KOK’S TALES: Poppie part 1: Africa’s biggest enemy

01 Feb, 2015 - 00:02 0 Views

The Sunday Mail

It was round about the time of the Unity Accord — 1987 if my memory holds good. I remember because the day Adam began telling me the story of his “ugly sister”, Poppie, the Unity Accord was the hottest topic in town.

We were having one of our weekly get-togethers at a popular watering hole in town, sitting with a bottle of Laphroaig on the low table before us.

Don’t talk to me about Chivas Regal or Johnnie Walker Blue Label or any other colour label. Blended whiskeys are all frauds. None of them can come anywhere near a Single Malt. The malts from the Western Isles of Scotland, like Laphroaig, have the aroma and the taste of peat smoke. In the old days, that’s what they used to use for their fires, squares of turf cut out of the peat bogs. If you want to drink whiskey, don’t play around. Drink the best — if you’ve got the money for it, that is. It’s expensive.

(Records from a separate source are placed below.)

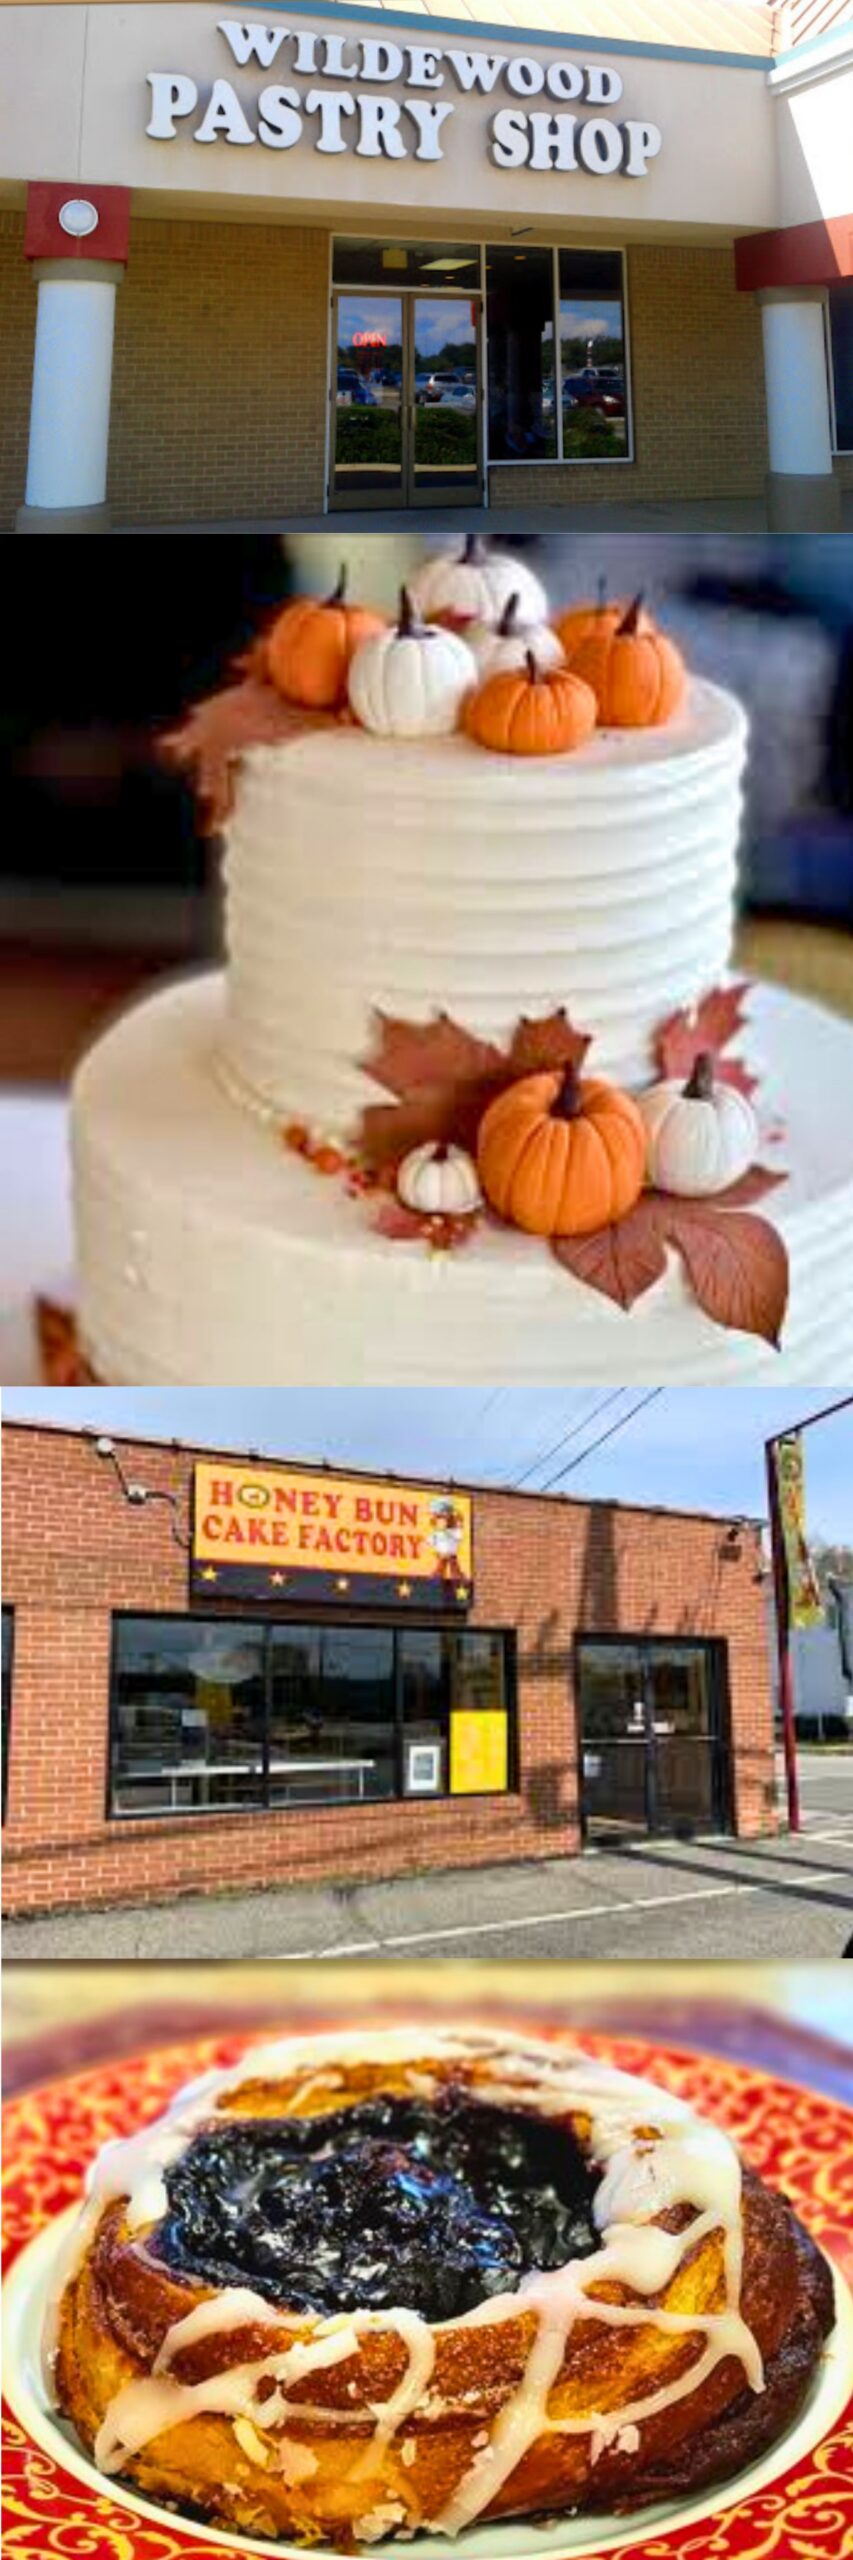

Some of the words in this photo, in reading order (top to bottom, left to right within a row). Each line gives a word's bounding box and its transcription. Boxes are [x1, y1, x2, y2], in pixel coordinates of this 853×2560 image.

[216, 20, 624, 105] WILDEWOOD
[145, 72, 455, 161] PASTRY
[489, 108, 663, 177] SHOP
[352, 331, 388, 347] OPEN
[209, 1480, 342, 1519] HONEY
[355, 1497, 418, 1528] BUN
[201, 1514, 289, 1547] CAKE
[298, 1524, 424, 1559] FACTORY

We started off by having a chuckle at the song we were hearing all over the place at that time, “Unity’s Number One”. That’s typically Zimbabwean, Adam and I joked. Make history with something as awe-inspiring as the Unity Accord and then have a song like that. It’s like calling an airline, Fresh Air. Maybe that’s what makes Zimbabwe so special.

“Jy ken, comrade, this Unity Accord is a wonderful thing.”

Adam launched straight into it. When things were beginning to look grim for the new nation of Zimbabwe and we non-Zimbabweans dreaded another Renamo nightmare like the one over the border in Mozambique, when the boers in South Africa were rubbing their hands in glee and enemies of the African revolution everywhere congratulating each other over yet another African revolution degenerating into civil strife, Joshua Nkomo and Robert Mugabe stunned the world by pulling peace out of the fire, like those magicians at children’s parties who produce rabbits out of a hat.

“Unity is Africa’s greatest challenge, jack. If Africa could do what Umdala and Gushungo have done, we could tell the West to go to hell, man, and then really start making things happen.” After a powerful statement like that, a man has to have a sip. Adam took one dreamily as he thought of all the things Africa could start making happen. The amazing thing was, for once, Adam wasn’t thinking of women! Then, typical of my disgraceful friend, he suddenly spoilt everything by adding: “But, you know, comrade, you know what Africa’s worst enemy is?”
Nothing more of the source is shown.